Subsystem sftp internal-sftp

4.Add content at the end of the file

Match Group sftp-users
    ChrootDirectory %h
    ForceCommand internal-sftp

• Match Group sftp-users line specifies that the following sub-line configuration matches the sftp-users user group. Multiple user groups are separated by commas.
• ChrootDirectory% h This line specifies the path for the chroot environment after the user group specified in the Match Group line is authenticated, which is the default user directory, such as / home / admin; you can also write an explicit path, such as / data / www.
• ForceCommand internal-sftp This line forces internal sftp and ignores any commands in the ~ / .ssh / rc file.

Pay special attention here, because ChrootDirectory% h mode, we need to set the user directory permissions for all users in sftp-users to root, otherwise users in the sftp-users group cannot log in with sftp.

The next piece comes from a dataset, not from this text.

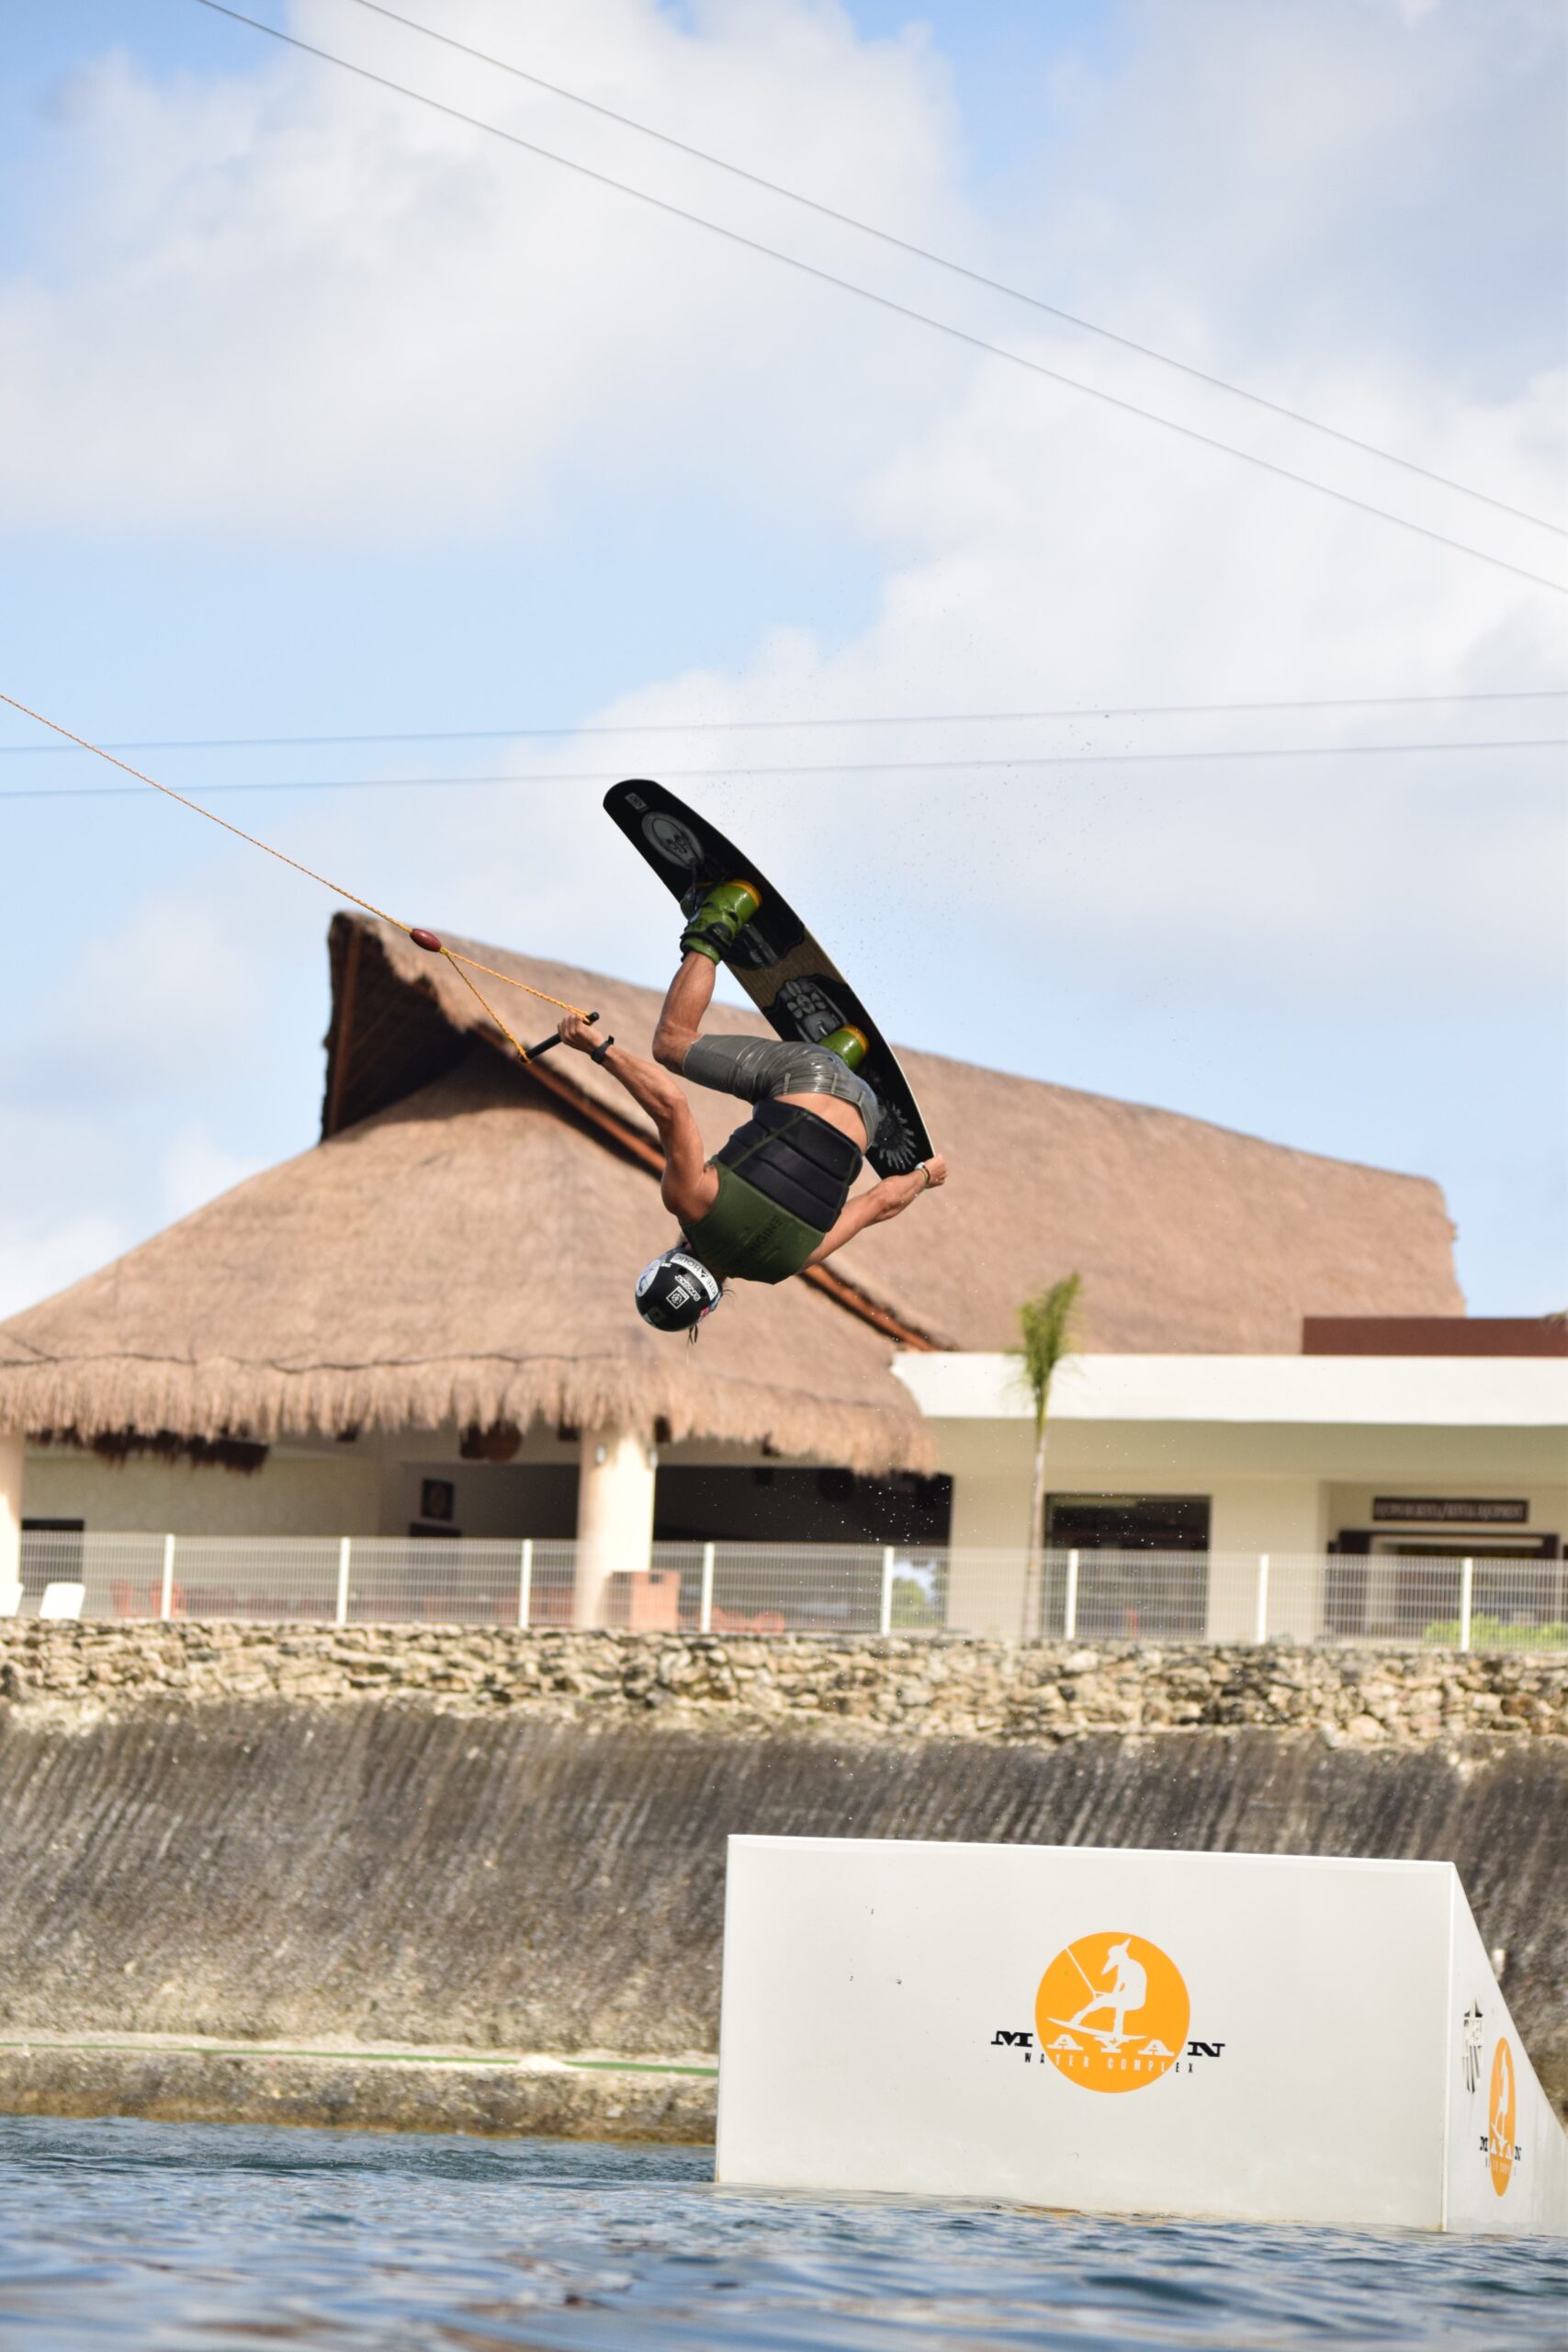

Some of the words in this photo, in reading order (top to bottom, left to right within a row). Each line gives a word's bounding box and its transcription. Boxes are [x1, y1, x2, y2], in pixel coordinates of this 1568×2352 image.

[990, 2030, 1226, 2058] MAYAN
[1024, 2052, 1090, 2068] WATER
[1107, 2057, 1194, 2074] COMPLEX

Modify the user directory permissions for the sftp-users user group

That said, because ChrootDirectory% h is used, now let's modify the permissions.

1. Modify permissions for the root user

chown root /home/admin

2. Modify the permissions to read, write and execute as root, and read by other users

chmod 755 /home/admin

3. Restart ssh and log in to sftp

sudo service ssh restart

You can now log in using sftp, but we found that we cannot upload files, because the default is the user directory, such as / home / admin, but the directory is owned by the root user, so we need to modify the permissions.

Note: The command for centos7 to restart ssh is sudo systemctl restart sshd.service. In addition, you can set ssh to boot and start. The command is sudo systemctl enable sshd.service.
4. Create a subdirectory under the user directory so that users in sftp-users can read and write files

We now create a new upload folder in the / home / admin directory:

cd /home/admin/
mkdir upload

5. Authorize upload folder to read and write

Make subfolder upload belong to admin

chown admin /home/admin/upload

Let the subfolder upload be read and written by the admin

chmod 755 /home/admin/upload

Restart ssh and log in to sftp

Now that everything is configured, if you did not restart ssh in the third step above, you can now log in after restarting.

sudo service ssh restart

Centos7.x system If the above command does not exist, execute:

sudo systemctl restart sshd

WinScp is recommended for Windows login sftp, Linux can be used for commands, and Yummy FTP is recommended for Mac.